Service of Gynaecology, Department of Woman, Child and Adolescent, Geneva University Hospitals, Geneva, Switzerland
AIMS OF THE STUDY
Remote follow-up based on self-assessment plus a telephone call with a healthcare provider is a safe and reliable method for assessing the success of medical termination of pregnancy (mTOP) and can lead to an important reduction in costs. The aim of the study was to analyse its efficacy, acceptability and associated costs.
This was a retrospective comparative study analysing two follow-up protocols for home-based mTOP. A total of 201 women were included: 56 for a standard in-clinic follow-up and 145 for a remote follow-up based on self-assessment with a low-sensitivity urine pregnancy test and a questionnaire. The main outcome was the total number of outpatient consultations needed for each procedure and the associated costs (according to the Swiss tariff system); acceptability and satisfaction were assessed using questionnaires.
Demand for home-based termination increased by 7.8% in the observation period. There was a reduction in diagnosis of retained products of conception, with a consequent decrease of follow-up consultations from 1.47 to 0.41 appointments per patient. A reduction of 38.9% in the average cost per patient (including supplementary follow-up appointments) was observed. Moreover, the remote alternative led to higher patient satisfaction (95.1% vs 55.0%) and acceptability (84.8%). The choice for long-acting reversible contraceptives was not affected by the removal of in-person consultation.

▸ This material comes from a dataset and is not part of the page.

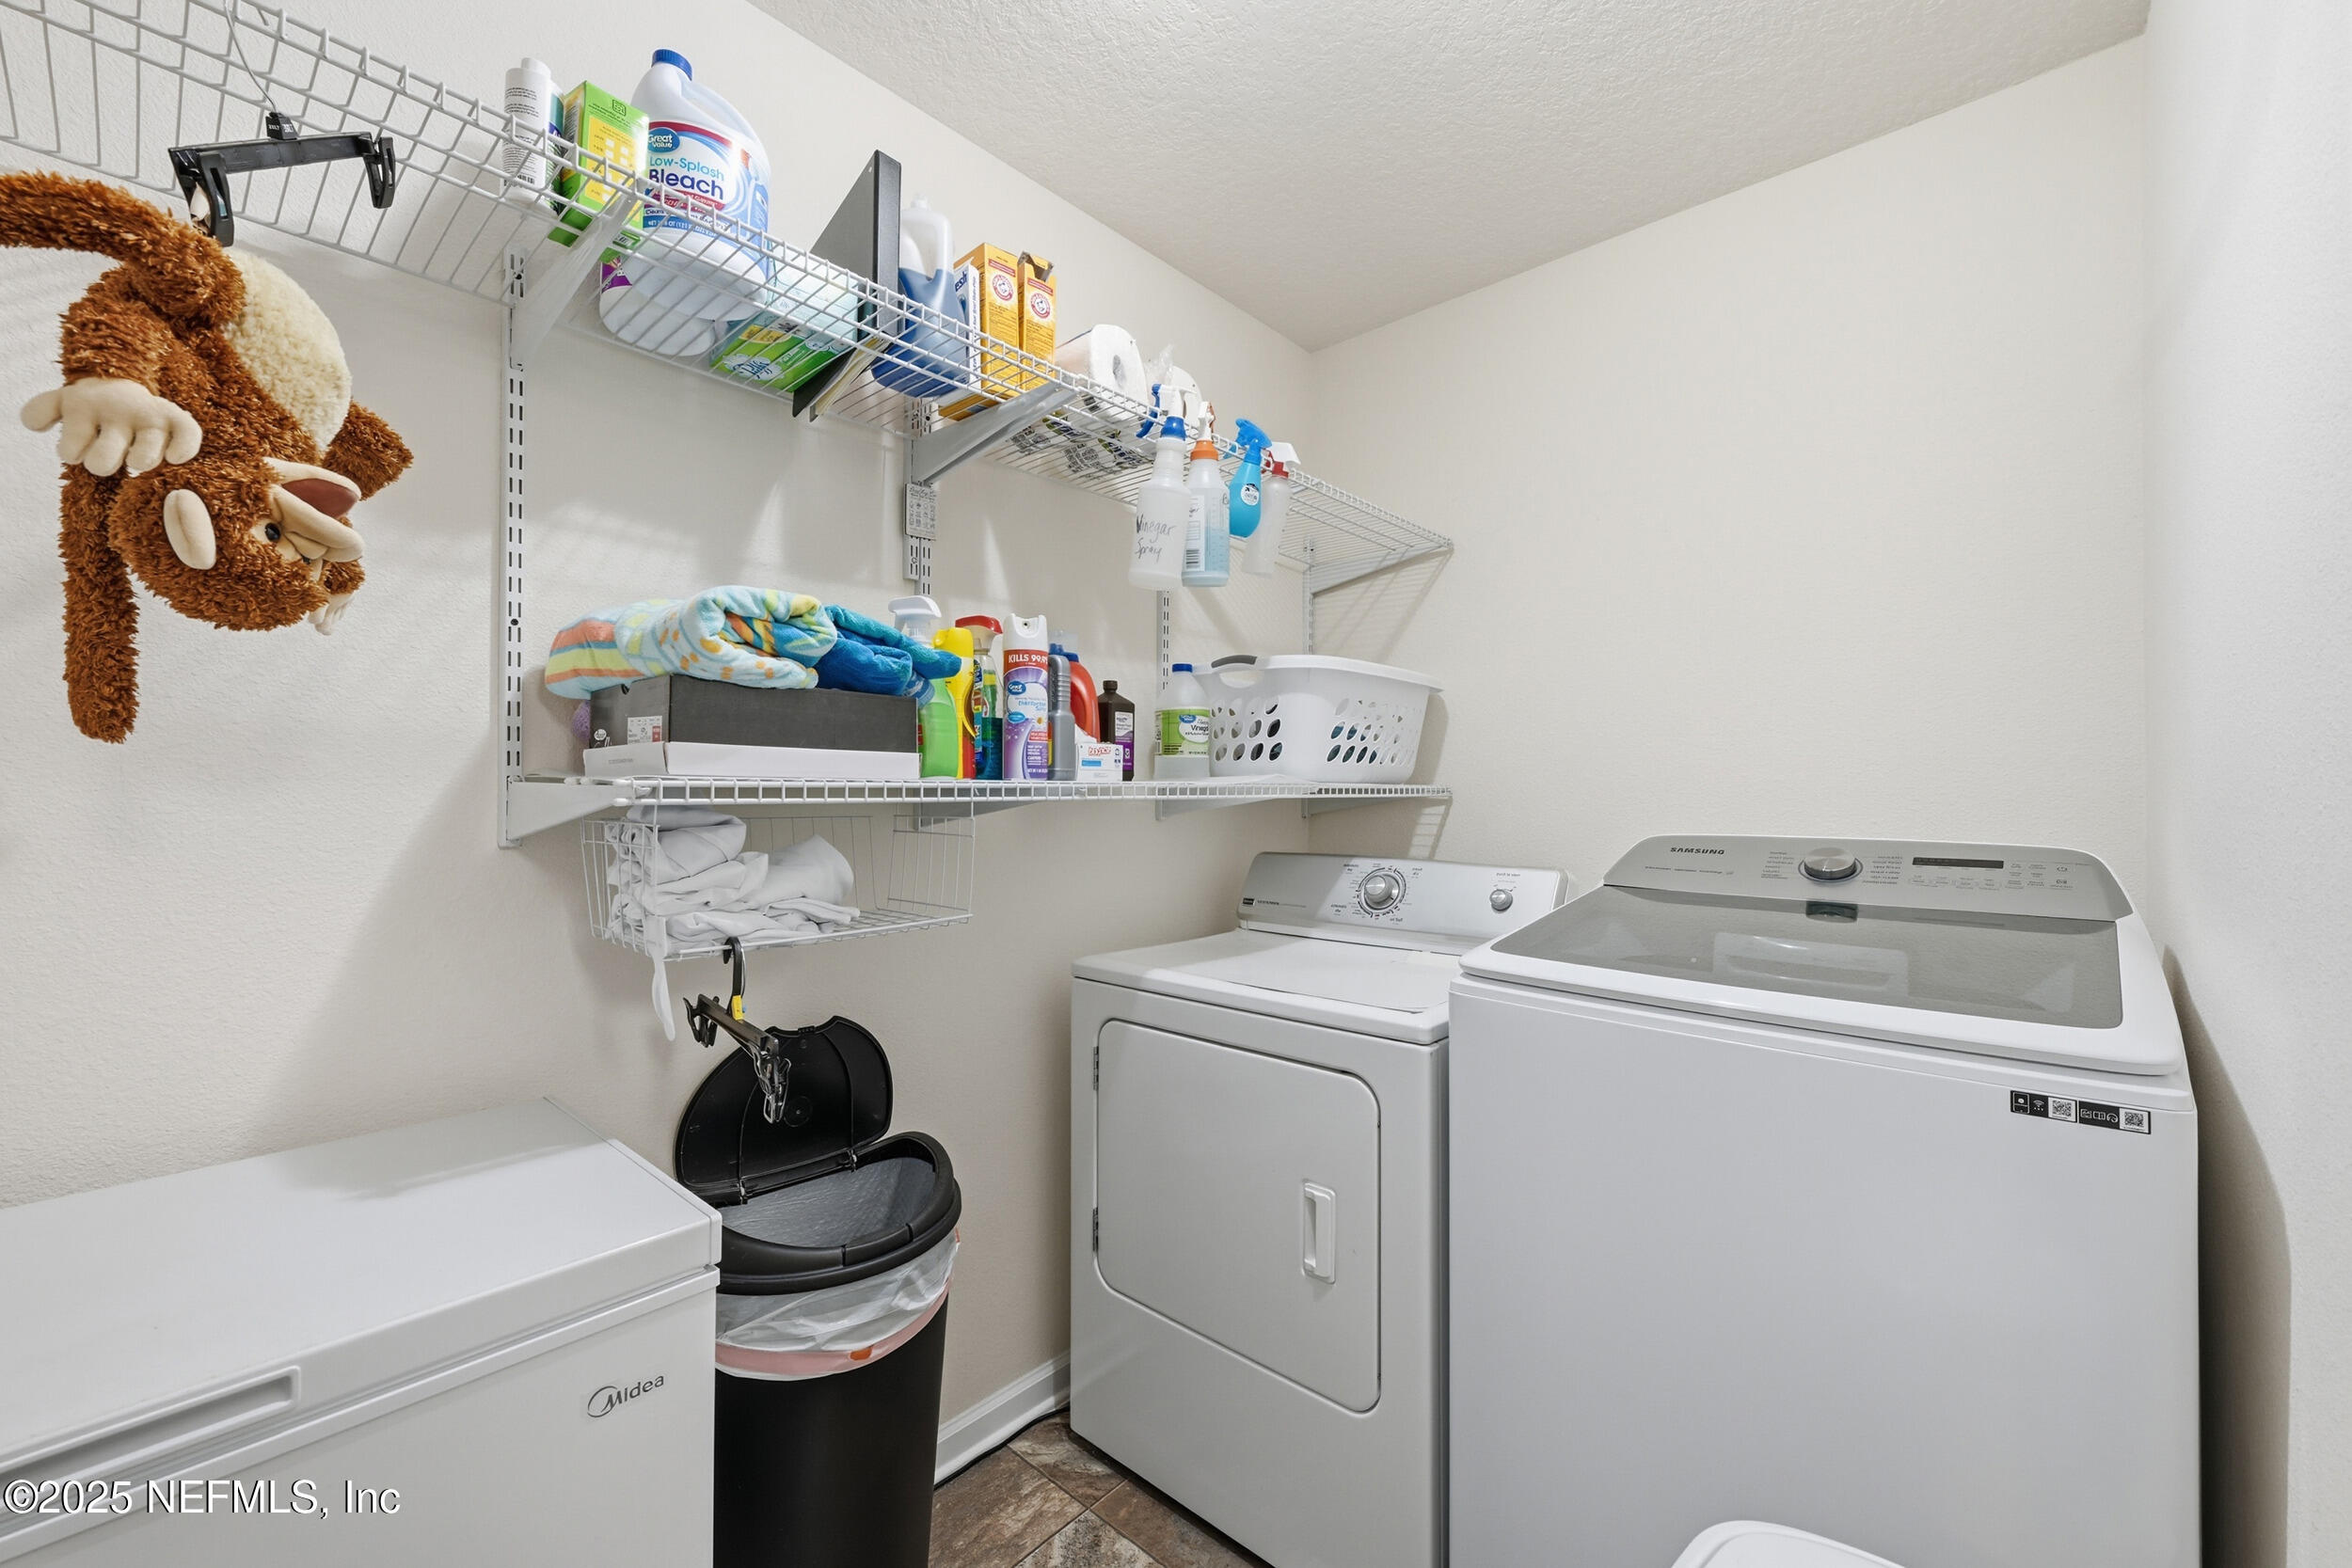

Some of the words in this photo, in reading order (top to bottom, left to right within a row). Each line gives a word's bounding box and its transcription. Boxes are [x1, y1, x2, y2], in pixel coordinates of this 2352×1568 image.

A remote follow-up procedure is an acceptable and less costly alternative to hospital-based follow-up with a higher rate of acceptability and adherence by the studied population.
During the last decade, efforts have been made to respond to women’s rising demand to have a more active role in medical termination of pregnancy (mTOP) with the mifepristone-misoprostol regimen, enabling more privacy and fewer time-consuming visits to the hospital [1–7]. Recent evidence shows that mTOP has the same efficacy (up to 98%) regardless of whether it is carried out at home or at the hospital, with the patient’s choice and physician’s assessment taken into consideration [8, 9]. Several strategies for the assessment of procedure success have been proposed  and two recent meta-analyses [11, 12] showed that a remote follow-up based on self-assessment and a telephone call by a healthcare provider have the same effectiveness, safety and acceptability as a routine clinical follow-up.

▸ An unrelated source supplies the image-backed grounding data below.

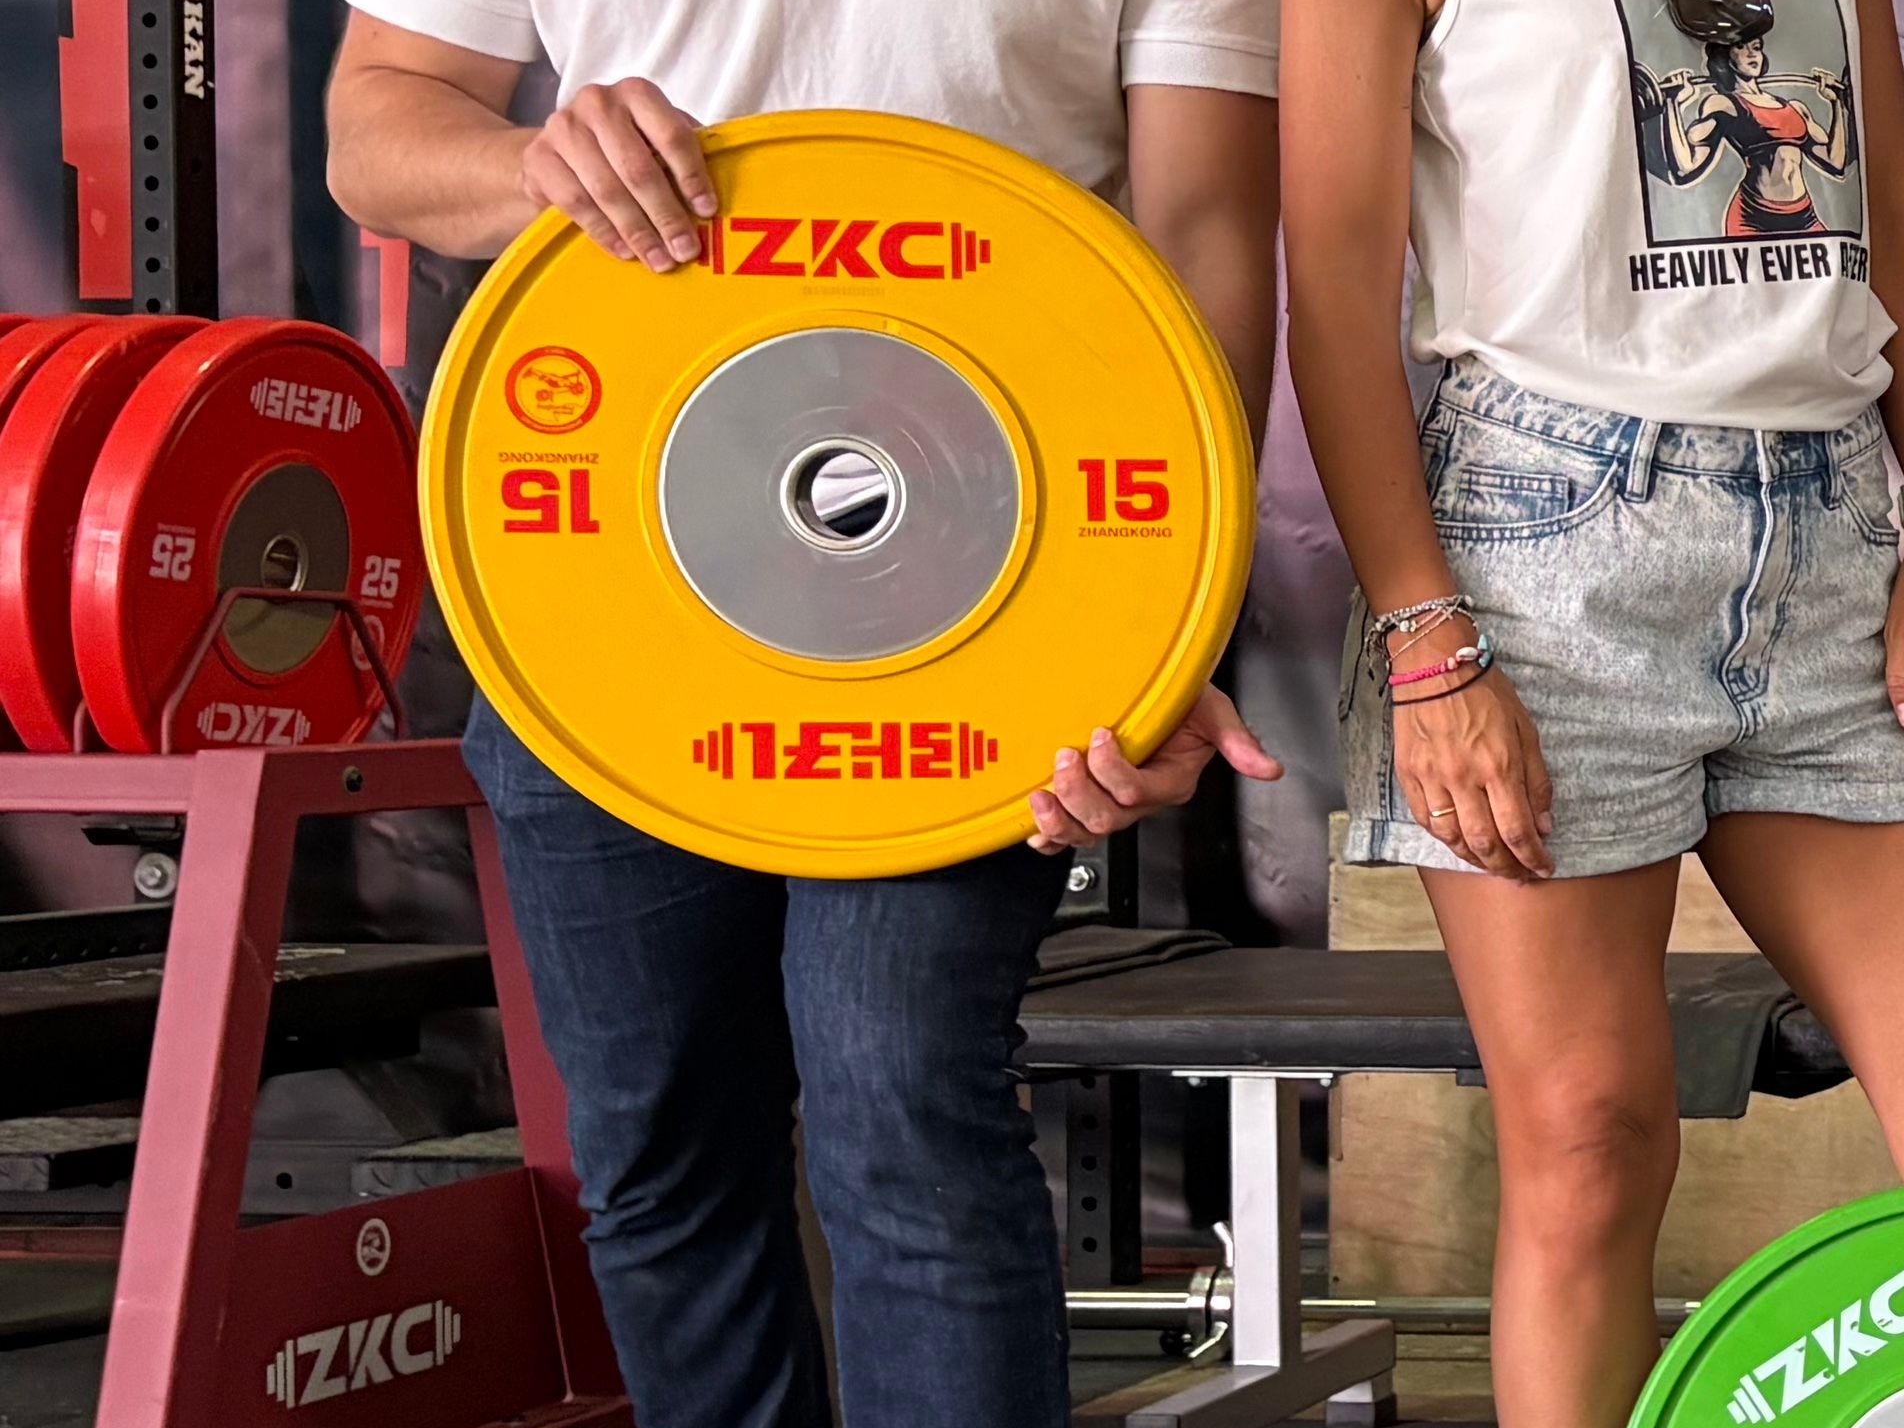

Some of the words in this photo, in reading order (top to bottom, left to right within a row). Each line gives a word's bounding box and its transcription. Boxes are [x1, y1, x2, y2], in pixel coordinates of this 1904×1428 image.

[732, 218, 943, 279] ZKC
[1629, 248, 1750, 292] HEAVILY
[1761, 242, 1831, 283] EVER
[498, 451, 600, 464] ZHANGKONG
[501, 468, 600, 534] 15
[1078, 458, 1169, 522] 15
[149, 534, 196, 582] 25
[1078, 527, 1173, 539] ZHANGKONG
[360, 555, 402, 599] 25
[297, 1303, 435, 1407] ZKC

This remote patient-centred policy in mTOP reduces costs and overtreatment in terms of unnecessary consultations (including ultrasound examinations) and supplementary treatments or surgery, while responding to women’s wishes [13, 14]. Nevertheless, failure of mTOP, defined as ongoing viable pregnancy, can occur in 0.5–1% of cases, and women should be appropriately warned [2, 15]. Counselling and prescription of post-abortion contraception, as a fundamental part of the pregnancy termination procedure, should be approached during the first in-presence consultation, enabling a quick post-abortion initiation, including in cases where women do not adhere to follow-up [1, 16, 17].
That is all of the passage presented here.